■ Work instructions
Your answer must consist of the records exactly as given, with no pictures included.

■ Annotated photo localization data
╔══
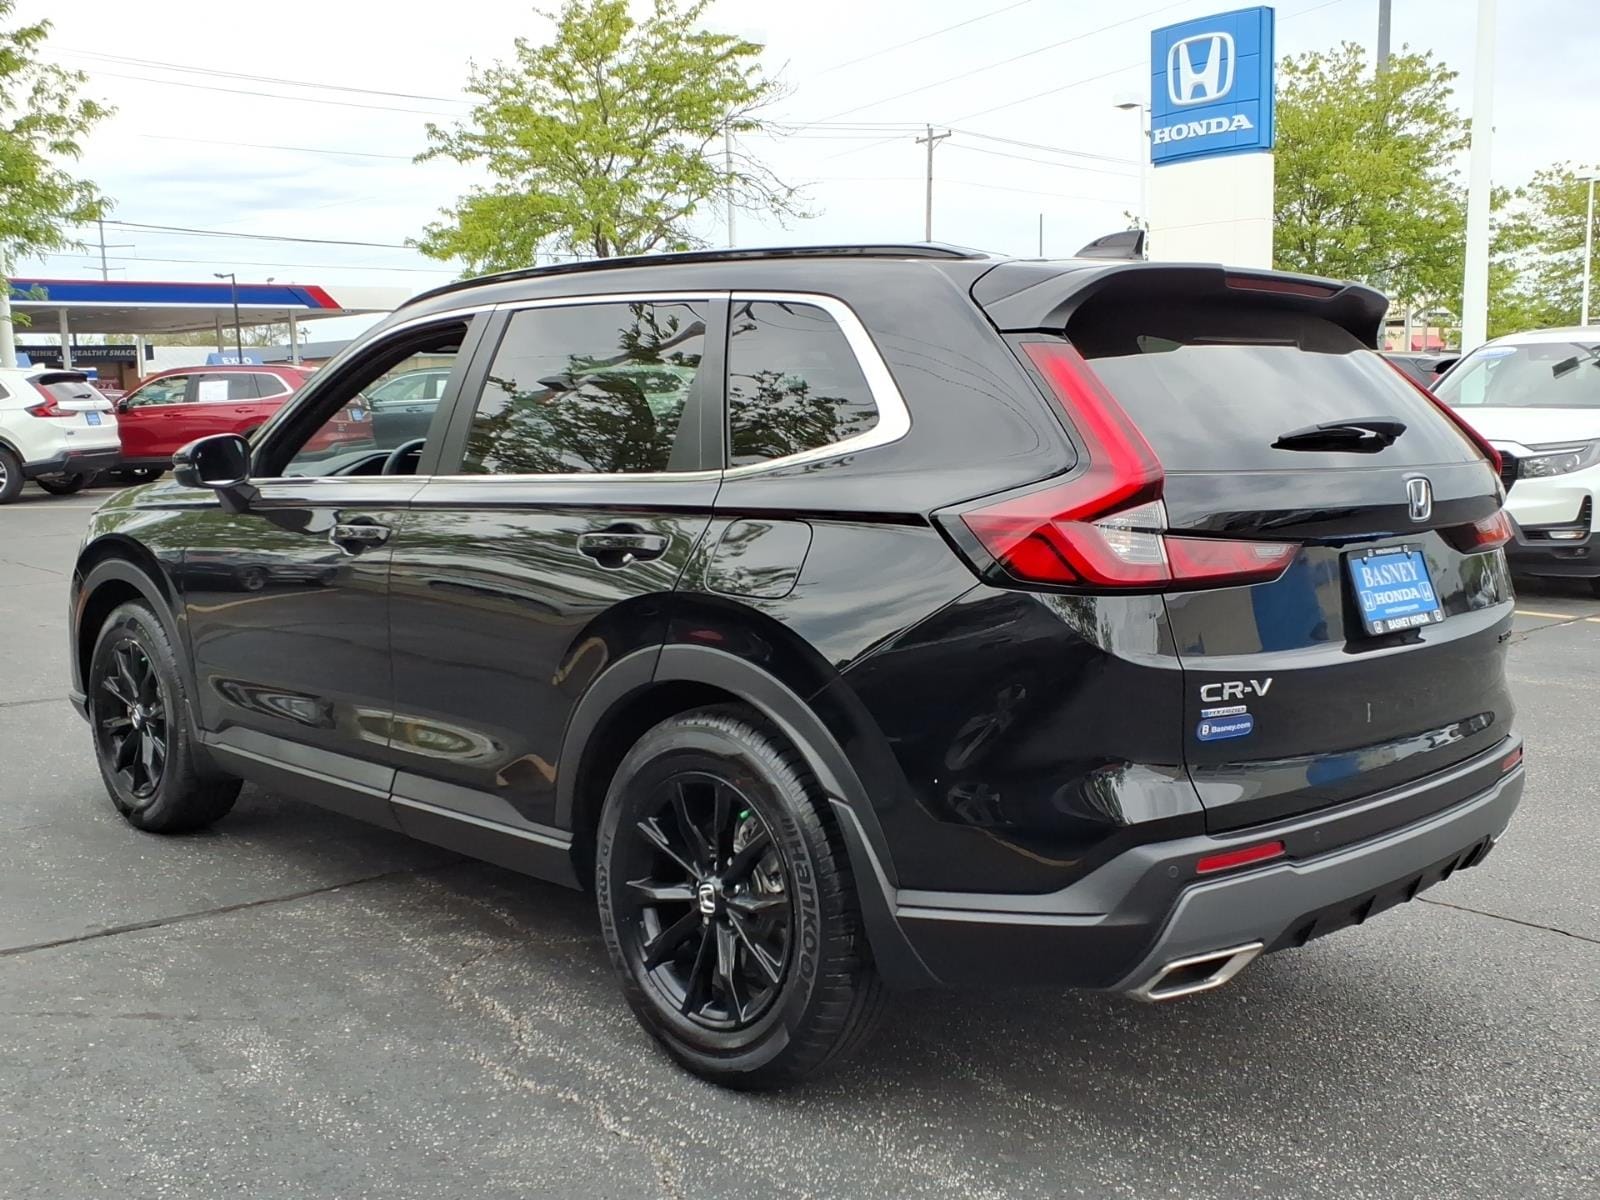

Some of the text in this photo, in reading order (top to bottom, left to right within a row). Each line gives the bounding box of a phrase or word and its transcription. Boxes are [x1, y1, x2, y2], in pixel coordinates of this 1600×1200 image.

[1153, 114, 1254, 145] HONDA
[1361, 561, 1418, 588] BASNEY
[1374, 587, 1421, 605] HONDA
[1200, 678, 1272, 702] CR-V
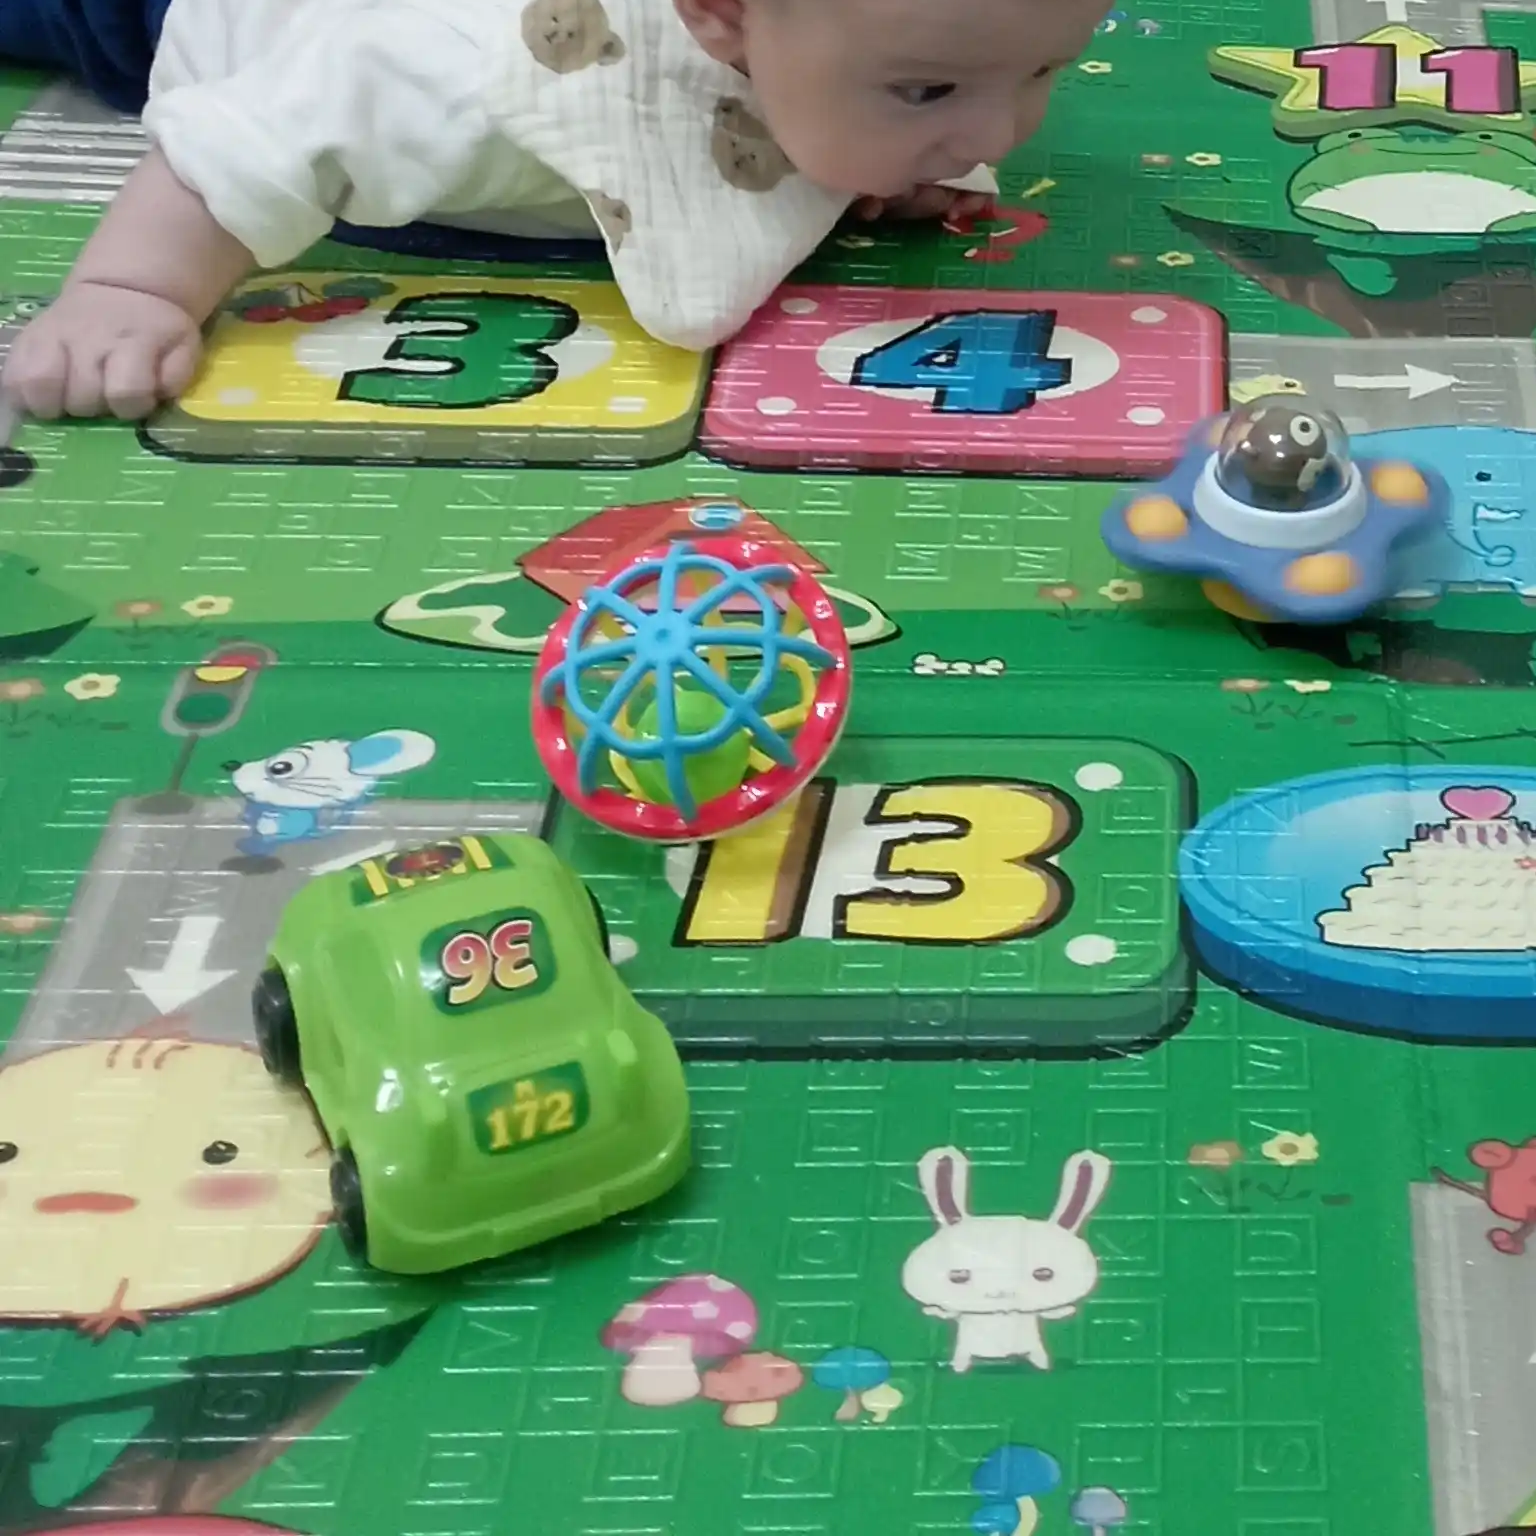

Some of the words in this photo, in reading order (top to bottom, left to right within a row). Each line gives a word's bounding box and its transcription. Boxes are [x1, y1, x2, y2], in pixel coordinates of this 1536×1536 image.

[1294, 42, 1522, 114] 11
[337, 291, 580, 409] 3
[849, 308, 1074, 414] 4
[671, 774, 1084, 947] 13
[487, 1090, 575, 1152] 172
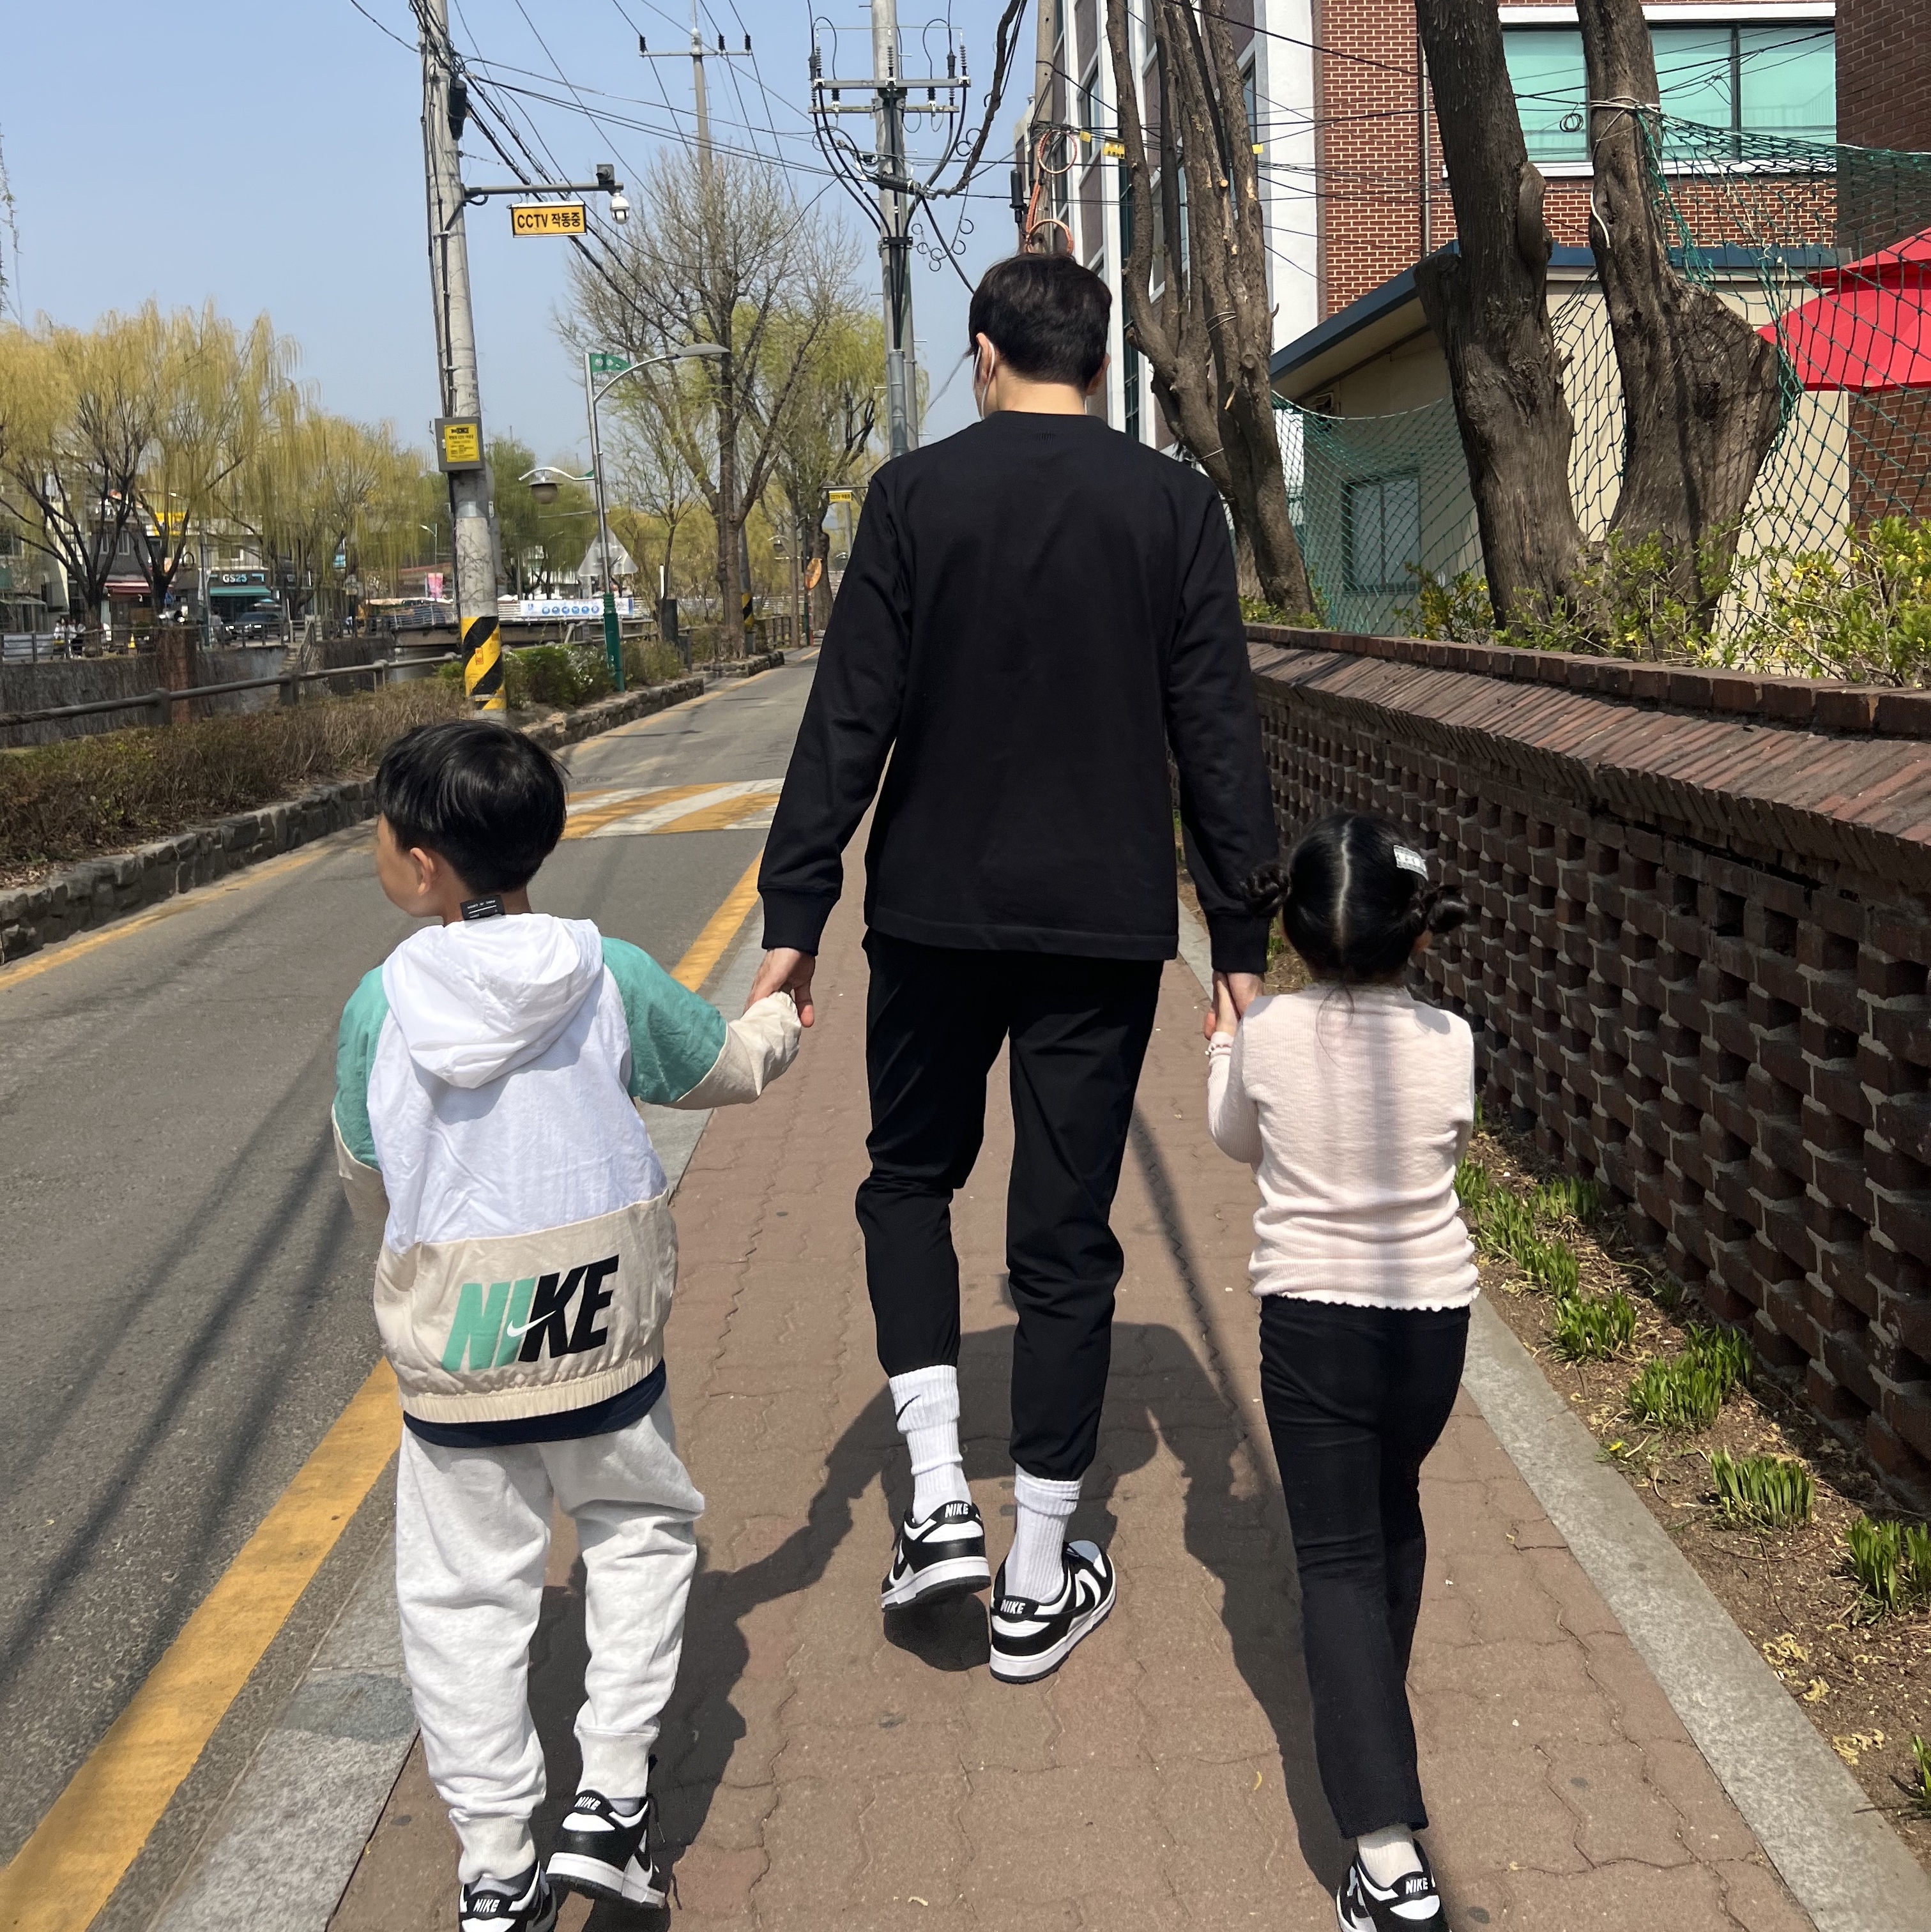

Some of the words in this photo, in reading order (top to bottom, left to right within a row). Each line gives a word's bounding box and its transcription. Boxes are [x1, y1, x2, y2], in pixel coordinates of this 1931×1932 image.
╚══
■ Solution to this problem
Some of the text in this photo, in reading order (top to bottom, left to right within a row). Each line gives the bounding box of a phrase or word and its transcription. Boxes are [x1, y1, x2, y2], in pixel coordinates of this 1600×1200 image.

[1153, 114, 1254, 145] HONDA
[1361, 561, 1418, 588] BASNEY
[1374, 587, 1421, 605] HONDA
[1200, 678, 1272, 702] CR-V

Some of the words in this photo, in reading order (top to bottom, left to right within a row). Each line gives a word's bounding box and its transcription. Boxes are [x1, y1, x2, y2], in pixel coordinates of this 1536×1536 image.

[1294, 42, 1522, 114] 11
[337, 291, 580, 409] 3
[849, 308, 1074, 414] 4
[671, 774, 1084, 947] 13
[487, 1090, 575, 1152] 172

Some of the words in this photo, in reading order (top to bottom, left to right within a row). Each line gives a word's bounding box and its transcription. Boxes are [x1, y1, x2, y2], in pixel coordinates of this 1931×1932 image.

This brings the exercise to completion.